Hmm... Well n=44 is the correct number of haploid chromosomes (22 diploid samples), at least in the file you sent me. The two contigs showing n=22 is what I will need to look at. I'm assuming these are hemizygous sex chromosomes? Can you check to see how these samples are encoded? Looking at the VCFv4.2 specification, I'm not seeing any standard for encoding hemizygous chromosomes. I believe ReLERNN should be able to handle them as if they were autosomes with missing data if they are encoded (1/.), but I will need to double check this. Currently, the best thing to do might be to remove them from the original VCF file and run them separately.

Could you send me some lines from at least one of the chromosomes that is reporting n=22 in windowSizes.txt? Thanks again, and sorry for the hassle!

jradrion · 2019-12-10T18:35:12Z

Just got your files! I'll post a resolution as soon as I have one. Thanks!

jradrion · 2019-12-12T19:47:50Z

OK, I was able to run ReLERNN successfully on my end with the updated files I sent you. Please let me know if you are still getting errors. Thanks for your patience!

josieparis · 2019-12-23T21:32:18Z

I can confirm that this issue's now fixed! Thanks @jradrion

gavinmonahan · 2020-07-06T07:53:55Z

Hi @jradrion
I read through the above and I believe I'm having the same problem. I created my vcf files from csv files using a custom script and I could have made an error in doing so, but after a few weeks of troubleshooting I haven't got anywhere. I was able to run the test example with no issues.
Please see the attached .vcf and stdout. The windowSizes.txt file is empty.
I'm hoping I can just apply the same fix as above.

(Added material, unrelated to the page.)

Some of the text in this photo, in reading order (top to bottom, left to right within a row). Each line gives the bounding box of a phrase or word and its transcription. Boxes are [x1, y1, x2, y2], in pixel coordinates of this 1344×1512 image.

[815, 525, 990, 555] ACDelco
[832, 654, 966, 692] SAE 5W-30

I appreciate your help and many thanks in advance
BJchB2.zip

jradrion · 2020-07-06T17:39:14Z

Hi @gavinmonahan, thank you for bringing this to my attention. I'll take a look and get back to you ASAP.

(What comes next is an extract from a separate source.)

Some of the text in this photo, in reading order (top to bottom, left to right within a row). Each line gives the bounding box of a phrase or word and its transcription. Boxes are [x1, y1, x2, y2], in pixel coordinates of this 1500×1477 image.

jradrion · 2020-07-06T21:25:46Z

@gavinmonahan, I just took a quick look at your VCF and it looks like there are a total of five scaffolds (B01-B05) and a combined total of 618 polymorphic sites between them? If this is correct I don't think ReLERNN is going to be of too much help. Are you sure the file you sent is correct? For example, it looks like scaffold B04 has a total of 62 variants with the max coordinate suggesting a scaffold length of at least 41Mb?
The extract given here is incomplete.